Levou a juventude ajudando a mãe na lavagem, nas horas vagas era
livre, cuidou-se para não engravidar. Namoradeira, os homens se encantavam com
o corpo, a beleza, a sabedoria nata na cama. Os sortudos que tiveram a ventura
de passar uma noite em seus braços relembram sempre a desbragada noitada de
amor. O frescor da boca de Rosa ficou impregnado na mente, no hálito, de quem
experimentou. Ninguém, jamais esqueceu um simples beijo de Rosinha de Ipioca.
Certa época Beto, famoso arquiteto, separou-se da mulher. Deixou-a
com o filho no apartamento, foi morar temporariamente na casa de um amigo na
praia de Ipioca. Bruno, também separado, amigos, quase irmãos.
Numa tarde de sábado Beto tomava cerveja, acompanhado de convidados
na varanda da casa, teve a alegre surpresa quando entrou aquela jovem com
trouxa de roupa na cabeça. Rosinha abriu a portinhola da frente sorrindo.
- Bruno! Brunoca, olha a
roupa limpinha pra você sujar de novo!
Seu sorriso enfeitiçou o novo morador. Beto acompanhou Rosa, ajudou
a colocar a trouxa na cama. Rosinha ficou encantada com a gentileza daquele
homem educado, bonito, e gentil, uma raridade entre seus conhecidos. O
arquiteto acertou lavagem de suas roupas.
Três semanas depois desse fato, Beto e Rosinha já dormiam juntos
nos alvíssimos lençóis lavados e passados por Rosinha e Rosana. Foi a melhor
época da vida Beto. Toda manhã ele ia trabalhar no seu escritório de
arquitetura no centro da cidade, chegava à noite na casa de Ipioca, ansioso em
ter Rosa em seus braços. Vida encantadora, sem preconceitos, sem temores, sem
uma esposa impertinente e cobradora. Aliás, houve preconceito. Beto durante o
amor quis virar o disco, pediu para Rosinha deitar de bruços, entretanto, Rosa
tinha verdadeiro pavor, medo da dor, fazia tudo que quisesse, menos aquilo. Ele
respeitou sua determinação. Rosa percebeu frustração em Beto pela recusa. Na
sexta-feira quando o arquiteto chegou do trabalho ávido em carinhos de seu
amor, Rosinha estava acompanhada de uma morena bonita tomando cerveja na
varanda da casa. Apresentou Gabriela com
um sorriso maroto. Quando pôde, cochichou no ouvido:
- Você não gosta atrás? A
Gabi adora. Eu lhe trouxe de presente. Não me importo.
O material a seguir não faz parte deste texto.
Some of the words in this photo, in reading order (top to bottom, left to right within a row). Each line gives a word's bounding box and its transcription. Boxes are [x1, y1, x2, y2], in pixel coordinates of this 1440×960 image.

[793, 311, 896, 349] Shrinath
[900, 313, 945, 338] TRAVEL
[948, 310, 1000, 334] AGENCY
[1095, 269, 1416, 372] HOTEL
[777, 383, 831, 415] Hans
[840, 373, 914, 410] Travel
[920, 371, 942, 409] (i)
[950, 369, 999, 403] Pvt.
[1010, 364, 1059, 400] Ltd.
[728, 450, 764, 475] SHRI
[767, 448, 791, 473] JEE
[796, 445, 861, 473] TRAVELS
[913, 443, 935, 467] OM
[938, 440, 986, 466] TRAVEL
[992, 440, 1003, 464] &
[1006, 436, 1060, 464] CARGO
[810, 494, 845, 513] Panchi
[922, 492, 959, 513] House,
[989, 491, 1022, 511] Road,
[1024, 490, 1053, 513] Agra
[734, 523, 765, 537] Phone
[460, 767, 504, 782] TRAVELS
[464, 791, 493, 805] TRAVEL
A partir desse dia Beto dormiu com as duas. Passou mais de um ano
bígamo, aliás, ele dizia estar num paraíso, num sonho; interrompido quando
viajou para um curso de quatro meses na França.
Como quem vai pro ar perde o lugar, ao voltar, Rosinha havia se
casado, já morava em Munique.
O romance de Rosa iniciou numa festa. Alguns amigos foram para casa
de um simpático alemão apaixonado por Alagoas, morador e curtidor da praia de
Ipioca, era também festa de despedida, o alemão estava voltando para sua terra.
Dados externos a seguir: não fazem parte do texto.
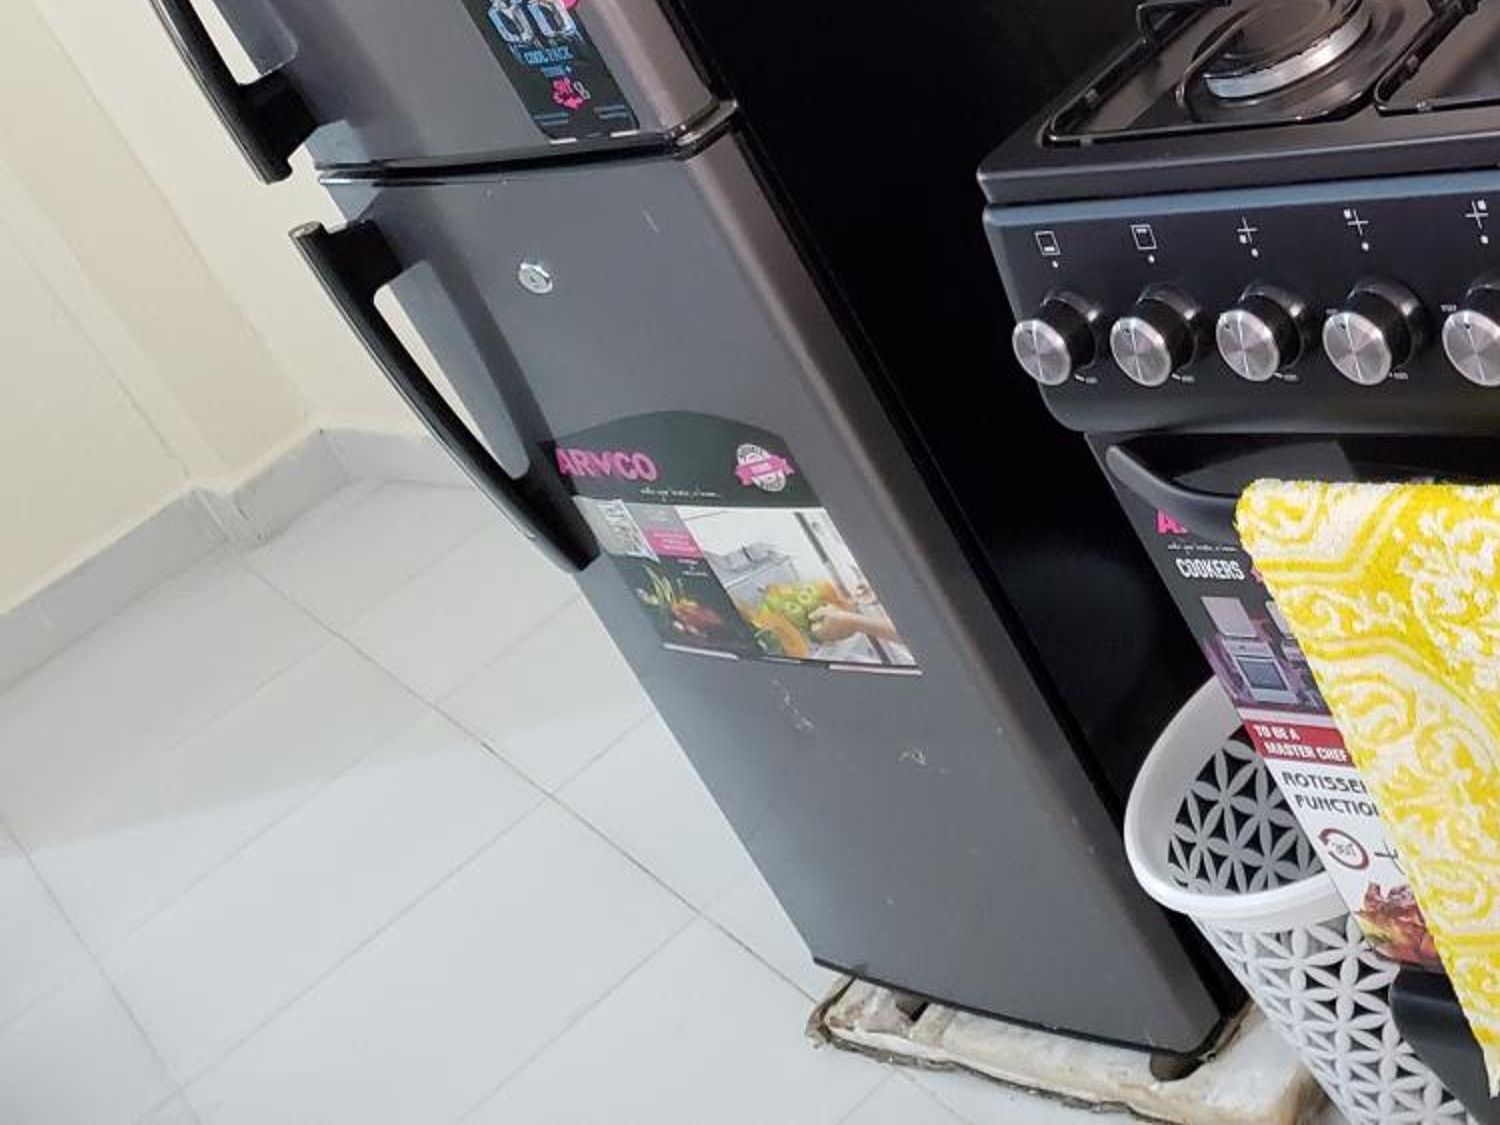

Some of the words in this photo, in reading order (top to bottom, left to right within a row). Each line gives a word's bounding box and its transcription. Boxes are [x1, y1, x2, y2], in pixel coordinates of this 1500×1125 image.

[1175, 558, 1245, 581] COOKERS
[1289, 728, 1300, 741] A
[1264, 742, 1317, 759] MASTER
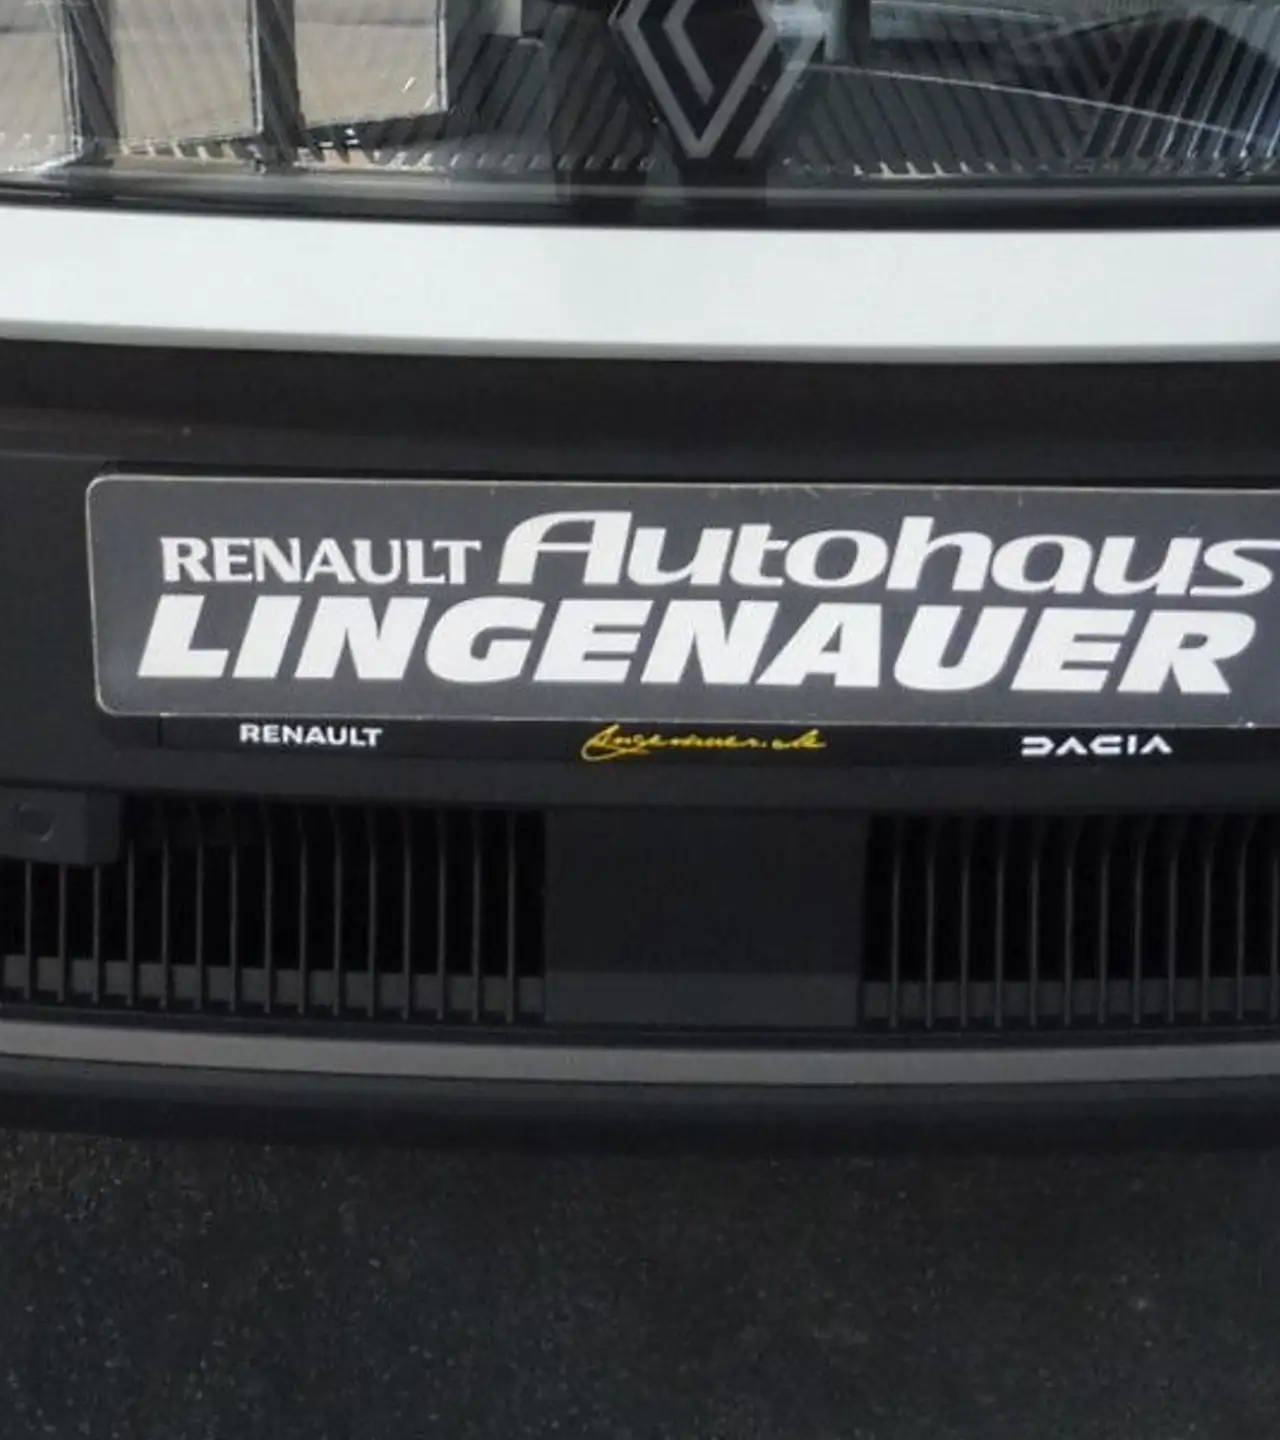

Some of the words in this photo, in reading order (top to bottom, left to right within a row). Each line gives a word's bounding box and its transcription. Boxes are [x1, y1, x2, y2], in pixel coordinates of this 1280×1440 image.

Kurt quando foi apresentado à Rosinha não só ficou encantado, disse para si
mesmo, aquela jovem era o amor de sua vida, apesar da diferença de idade. Dois
meses depois ela viajou de mala e cuia para Munique; casaram-se. Nesses últimos
anos Rosinha teve uma filha, e passa dois ou três meses por ano em Maceió
matando a saudade da terra, da mãe e da avó que hoje moram num confortável
apartamento.
O destino fez com que o alemão recentemente comprasse uma enorme
casa à beira-mar em Ipioca, exposta à venda por um decadente comerciante, a mesma
mansão do desvirginamento. Está passando por reformas. A família de Kurt virá
curtir o verão na praia de Ipioca em sua nova casa. O projeto da reforma e a
administração da obra foram entregues a um amigo de Kurt, padrinho da filha,
Heidi, e ex-amor de Rosinha, Beto, o arquiteto, que semana passada me contou a
história de amor de Rosinha de Ipioca.